On September 26, 2008, the largest savings and loan bank in the United States, the Seattle-based Washington Mutual Bank, was sealed and taken over by FDIC. The Washington Mutual Bank was established in 1889 and involved assets of US $ 307 billion. Its failure became the largest bank failure in the history of the United States.
As the US economy improves, the number of bank failures has decreased in recent years. Especially in 2018, no American bank went bankrupt.
According to media reports, four banks in the United States went bankrupt in 2019. According to the U.S. Monetary Authority, the bankruptcy of Bank of America in 2019 was mainly due to increased competition and a rapid decline in profitability due to lower interest rates.
For example, the bankrupt New Jersey City National Bank and the Resolut Bank in Momi, Ohio, because of “unsafe and unsound operations”, resulted in a large loss of assets and profits.
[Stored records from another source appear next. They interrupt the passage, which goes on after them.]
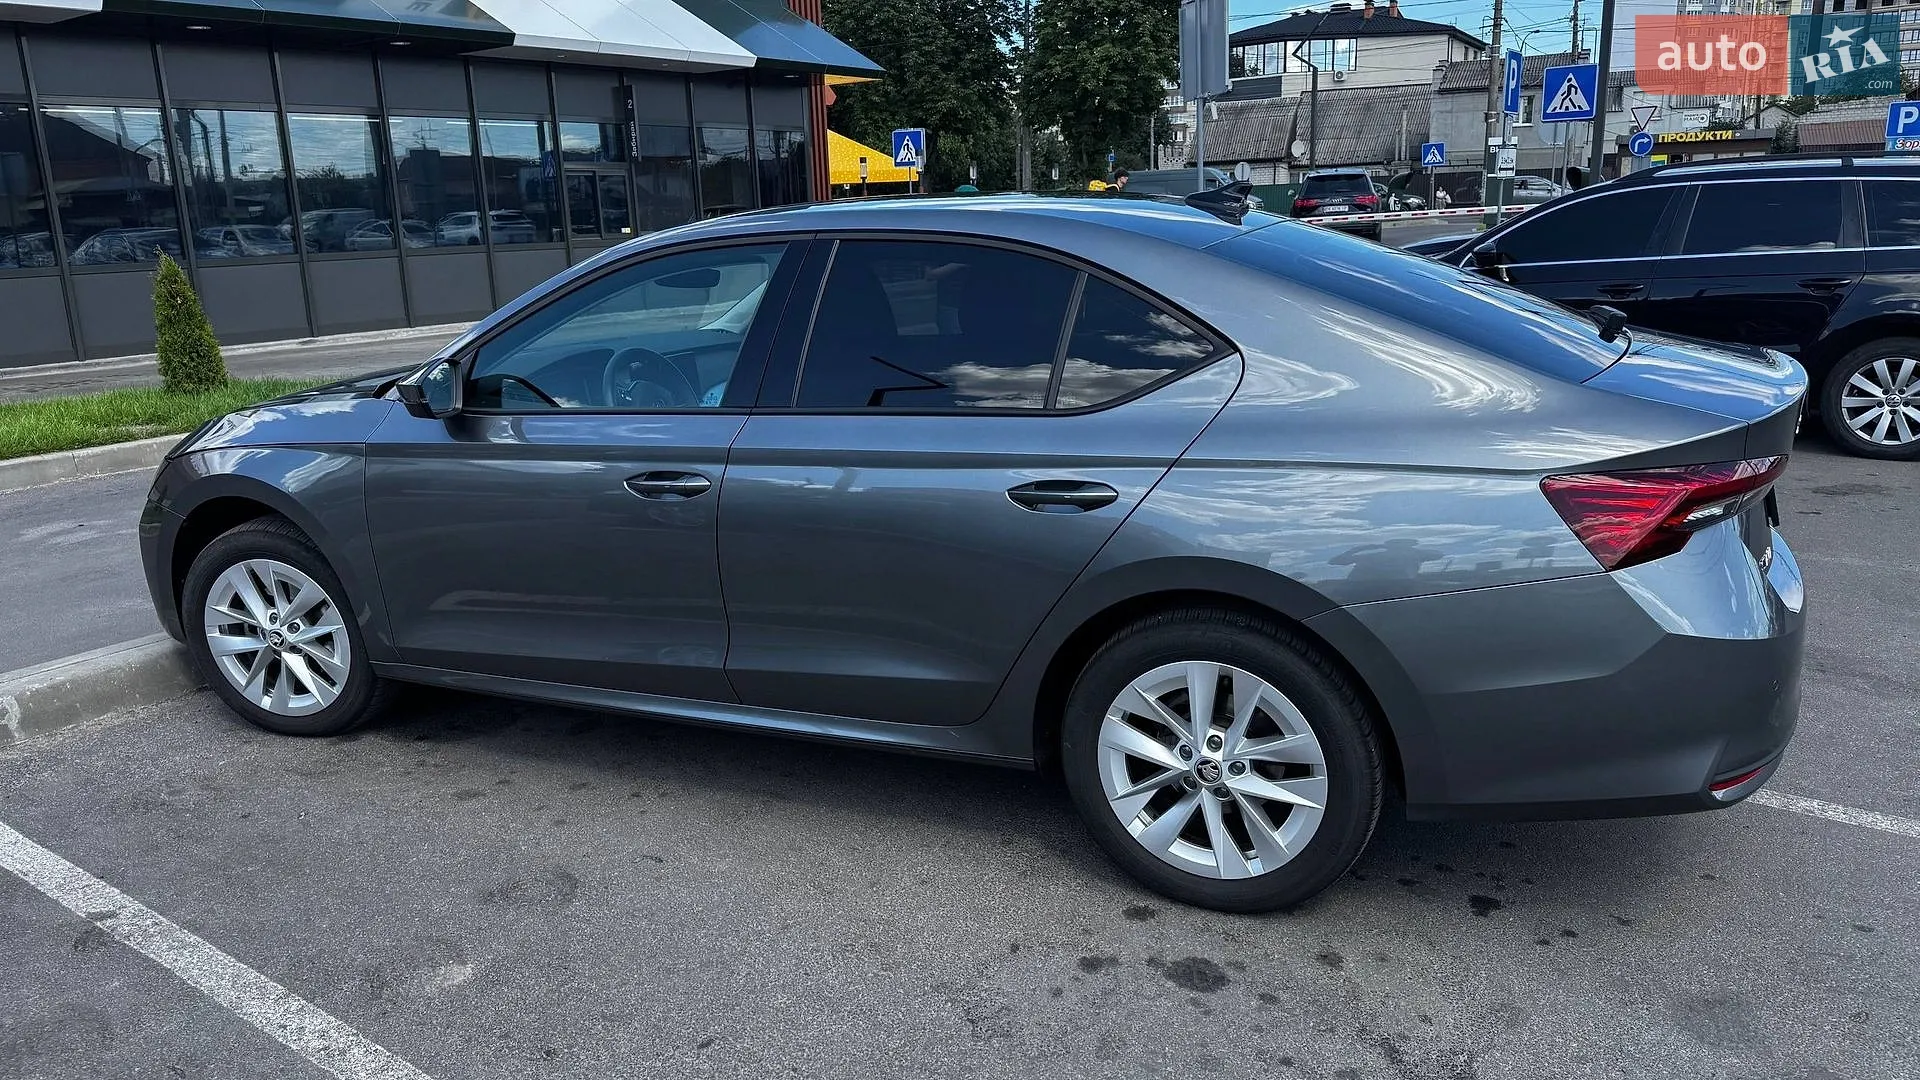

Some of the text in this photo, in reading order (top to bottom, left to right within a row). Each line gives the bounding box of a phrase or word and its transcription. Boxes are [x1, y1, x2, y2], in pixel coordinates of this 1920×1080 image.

[1508, 59, 1518, 106] P
[627, 99, 633, 109] 2
[1897, 106, 1919, 134] P
[630, 121, 638, 157] Забирай
[1658, 130, 1733, 143] ПРОДУКТИ
[1895, 138, 1920, 151] Зор
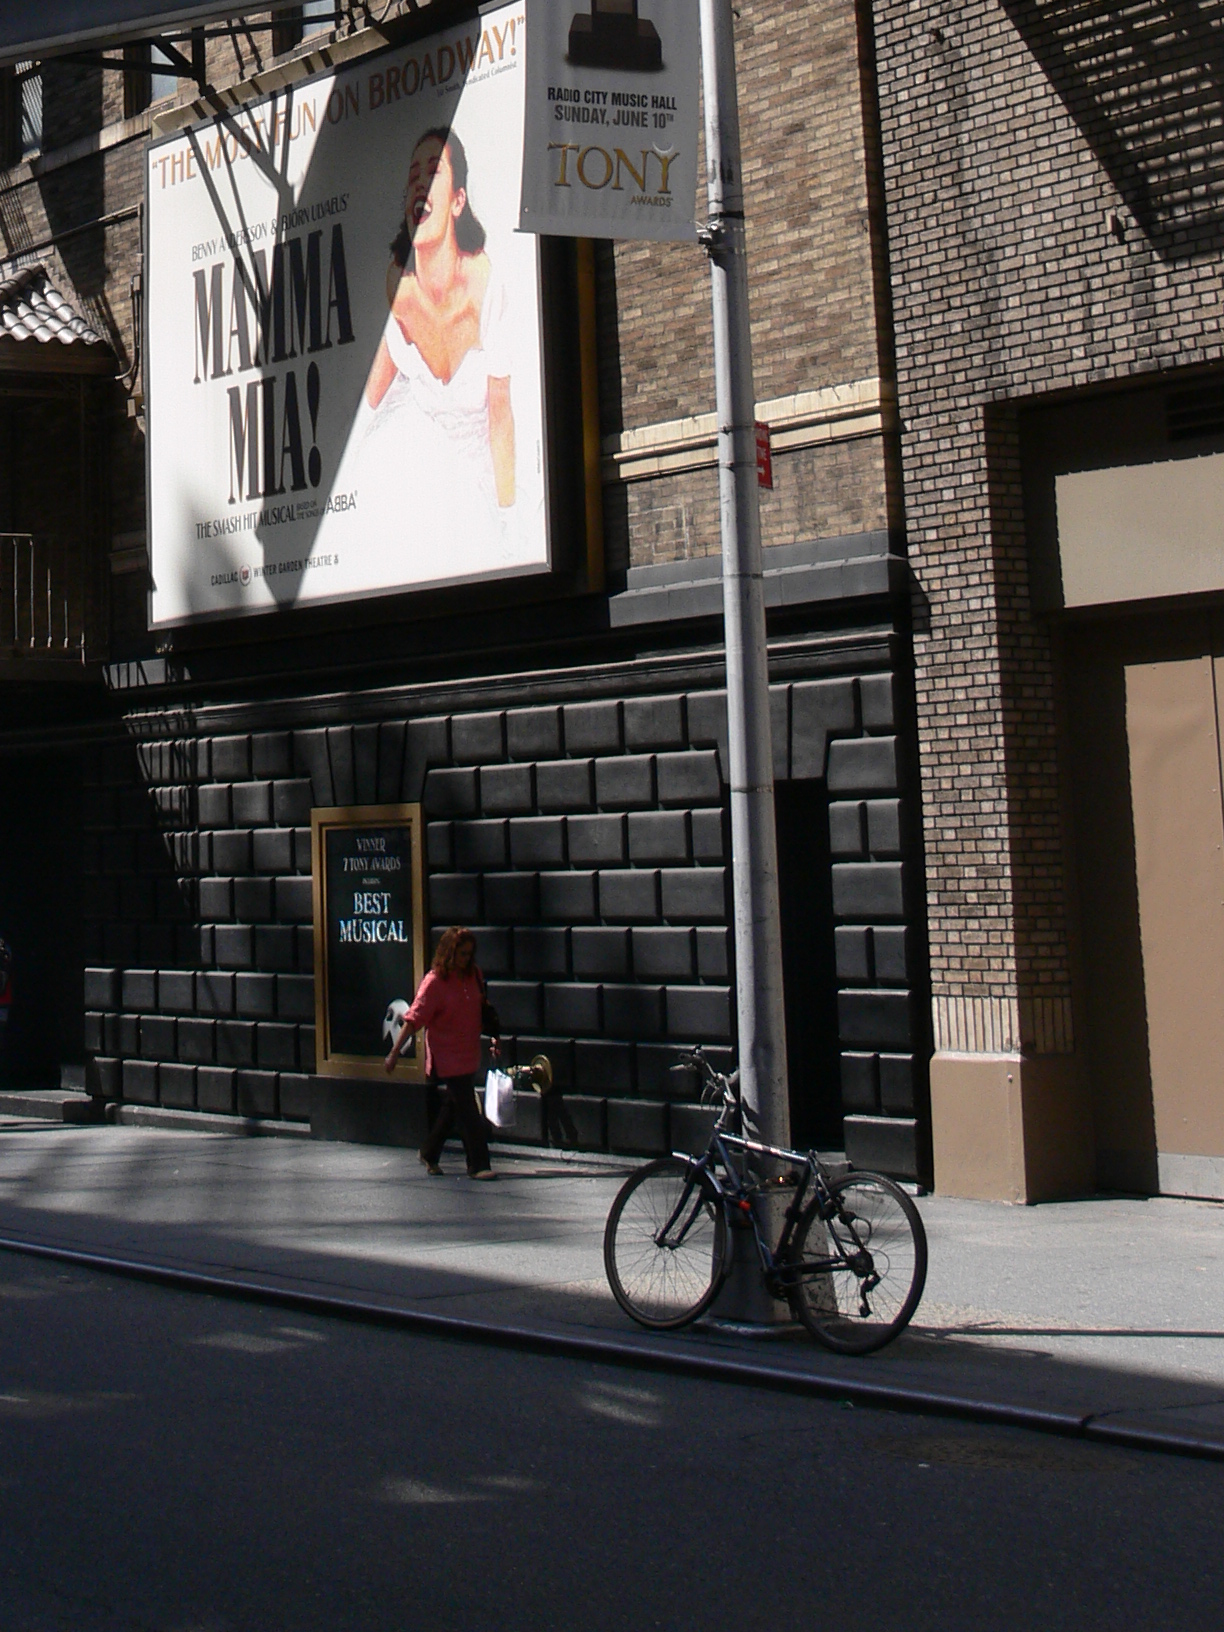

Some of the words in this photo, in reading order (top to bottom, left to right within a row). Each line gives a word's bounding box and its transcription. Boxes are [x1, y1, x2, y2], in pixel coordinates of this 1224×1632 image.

[547, 86, 581, 103] RADIO
[584, 89, 608, 105] CITY
[611, 92, 649, 109] MUSIC
[651, 95, 678, 111] HALL
[205, 117, 266, 172] MOST
[274, 98, 317, 147] FUN
[326, 80, 360, 126] ON
[554, 104, 611, 128] SUNDAY,
[613, 110, 649, 129] JUNE
[547, 141, 681, 195] TONY
[630, 195, 673, 208] AWARDS
[191, 237, 219, 262] BENNY
[218, 221, 268, 252] ANDERSSON
[270, 218, 278, 235] &
[192, 223, 356, 385] MAMMA
[226, 360, 323, 506] MIA!
[194, 521, 212, 540] THE
[212, 514, 242, 538] SMASH
[243, 511, 259, 531] HIT
[259, 504, 297, 528] MUSICAL
[210, 571, 239, 586] CADILLAC
[253, 565, 277, 578] WINTER
[278, 560, 303, 575] GARDEN
[304, 554, 332, 569] THEATRE
[356, 837, 386, 853] WINNER
[342, 857, 349, 872] 7
[349, 856, 369, 871] TONY
[370, 856, 402, 872] AWARDS
[353, 891, 392, 916] BEST
[338, 918, 409, 944] MUSICAL
In response to the collapse of the Louisa Community Bank, the Kentucky Financial Institutions Department stated that “operating losses are beginning to erode capital.”
Will bank failures spread further?
Since March 2020, the new crown pneumonia epidemic has spread in the United States, and the Fed ’s monetary policy has become more dovish, frequently providing liquidity stimuli to the market. On March 15, local time in the United States, the Fed announced a rate cut and lowered the target range of the federal funds rate to an ultra-low level of 0 to 0.25%. This is the 11th year after the United States has returned to the era of zero interest rates.
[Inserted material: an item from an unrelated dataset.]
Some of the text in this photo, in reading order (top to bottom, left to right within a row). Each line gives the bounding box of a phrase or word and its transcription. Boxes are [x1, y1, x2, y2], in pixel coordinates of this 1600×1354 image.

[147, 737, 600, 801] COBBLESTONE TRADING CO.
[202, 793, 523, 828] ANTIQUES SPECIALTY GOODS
Despite returning to the era of zero interest rates again, the current economic situation in the United States is very different from that in 2008.
Wuhan University Economics PhD tutor and Dong Fugui lecture professor Guan Tao said in an interview with reporters: “Before the outbreak, the US economy The data is relatively good and the momentum is relatively strong. At least from the recently released data, the substantial impact of the epidemic on the economy has not yet appeared. ”
In Song Qinghui’s view, regardless of whether the epidemic occurs, a large number of companies will be affected by various types of Such factors as poor management, insufficient staff, difficulty in financing, inventory backlog, industry competition, internal discord and other issues have closed down. In fact, from the perspective of the banks that have failed in recent years, most of them are small and medium-sized banks.
The bank’s capital adequacy capacity determines its ability to resist risks. Former FDIC Chairman Sheila Bair also mentioned in a CNBC TV interview that in order to better support the economy in the new coronary pneumonia epidemic, the US banking industry should increase its capital reserves. Fed Chairman Powell said in February that he would work to keep the banking industry resilient. In his speech in March, he also said that the US economy is still strong, the banking industry has sufficient capital, and the system is resilient.
Whether the failure will spread further and cause a chain reaction is worthy of attention.
Kristalina Georgieva, managing director of the International Monetary Fund (IMF), previously said in public that the new coronary pneumonia epidemic has caused an economic crisis that is “unprecedented”, which is “much more serious” than the 2008 global financial crisis. Recently, several investment banks have lowered their expectations for the US economy.
Morgan Stanley recently lowered its US first-quarter GDP growth forecast from -2.4% to -3.4%, and the second quarter GDP growth forecast from -30% to a record -38%. Goldman Sachs lowered its forecast for the US economy, expecting US GDP to decline by 9% in the first quarter and a staggering 34% decline in the second quarter, the worst number since World War II. But Goldman Sachs also expects that US economic activity will rebound strongly after the epidemic, and GDP in the third quarter will grow by 19%.